# Running Shellcode Directly From Binary File (Demo)



## AceInfinity (Jan 21, 2012)

Alright, so for experimental purposes and for what I have been working on the past while. Originally the deal was to execute the Beep function from kernel32.dll. I spent time through many exceptions and odd errors, until I finally got a beep.


```
Beep(700, 1000);
```


```
000007D0 68E803 push word 0x3e8
000007D3 0000 add [bx+si],al
000007D5 68BC02 push word 0x2bc
000007D8 0000 add [bx+si],al
000007DA FF15 call word [di]
```
Here's what part of the relevent disassembly looked like from ndisasm... You can see the value for the second param of the Beep function from kernel32.dll being pushed onto the stack (0x3E8 = 1000, for a 1 second duration or 1000ms), as well as the frequency (0x2BC = 700).

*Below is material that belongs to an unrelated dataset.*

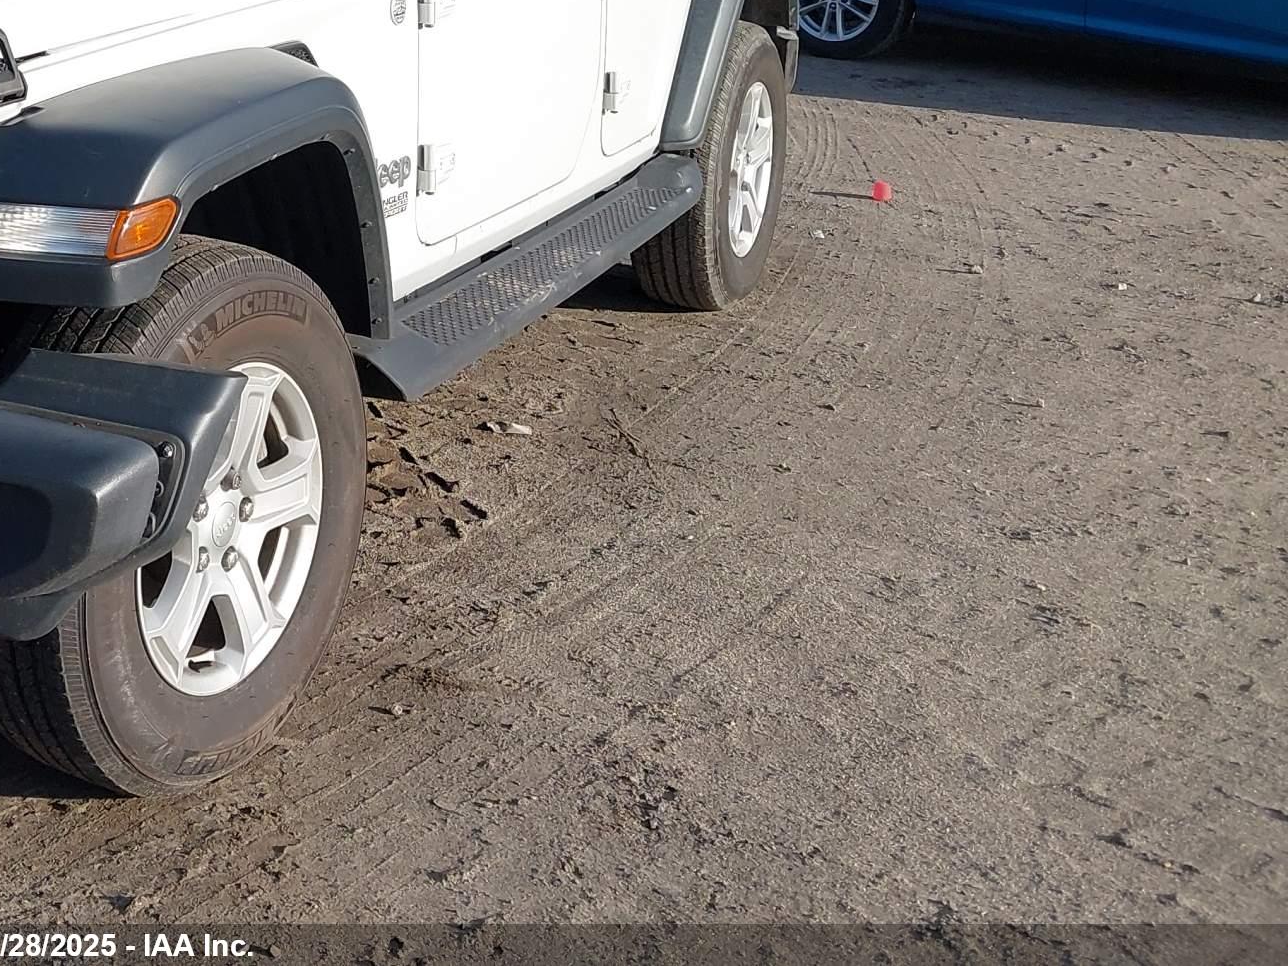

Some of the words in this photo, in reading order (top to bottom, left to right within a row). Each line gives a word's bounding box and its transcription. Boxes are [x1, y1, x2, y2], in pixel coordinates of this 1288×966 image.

[376, 155, 412, 188] eep
[383, 191, 409, 206] NGLER
[215, 291, 307, 332] MICHELIN
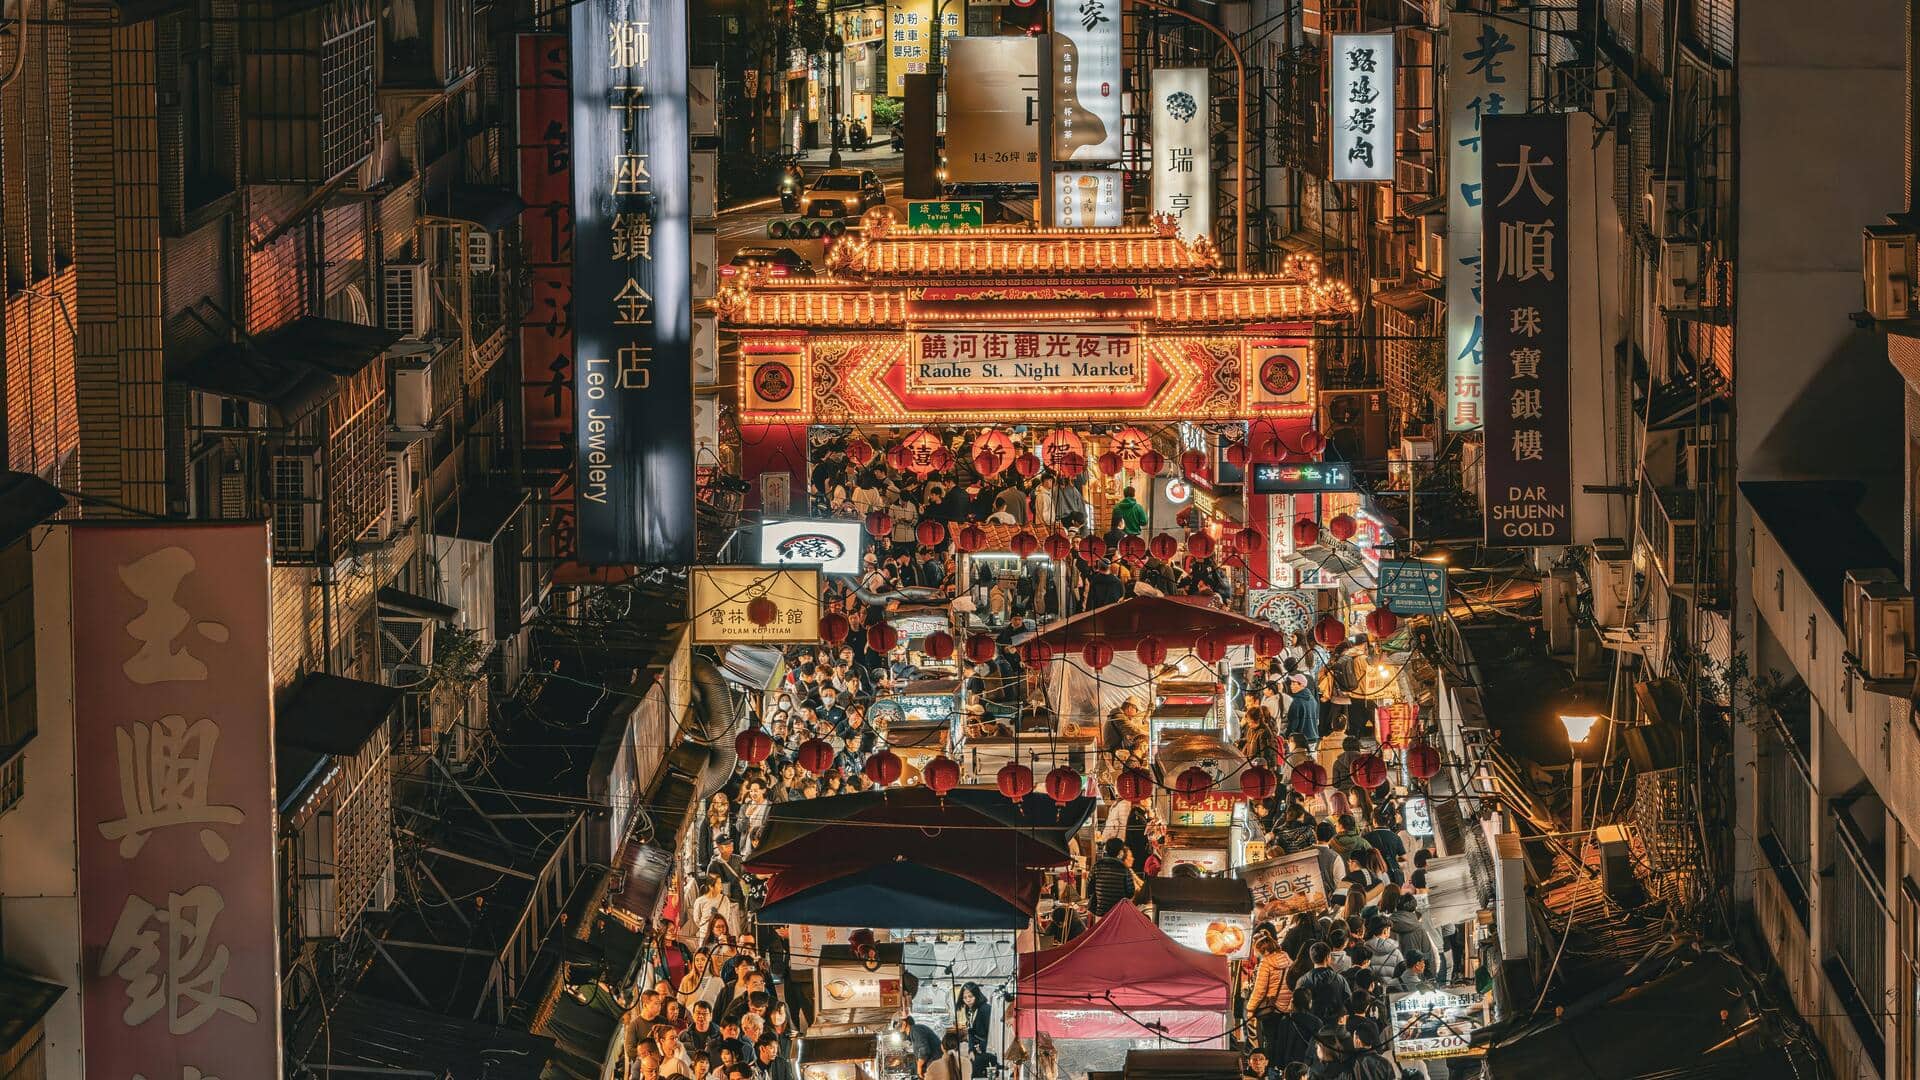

I wrote my own C++ program that got the address of the Beep function from kernel32.dll which returned *0x764531AF*, which I suspected was *\xAF\x31\x45\x76* in shellcode.


```
GetProcAddress(
    GetModuleHandle(L"kernel32.dll"),
    "Beep"
);
```
I tested the address through some inline asm via C++:

```
__asm
{
    mov eax,dword ptr 0x764531AF // Kernel32.dll!76468543()
    push 0x3E8 // Duration argument
    push 0x2EE // Frequency argument
    call eax // Call function
}
```


```
009163DA    mov eax,764531AFh
009163DF    push 3E8h
009163E4    push 2EEh
009163E9    call eax
```
And it worked. So the address was confirmed to be the right one. 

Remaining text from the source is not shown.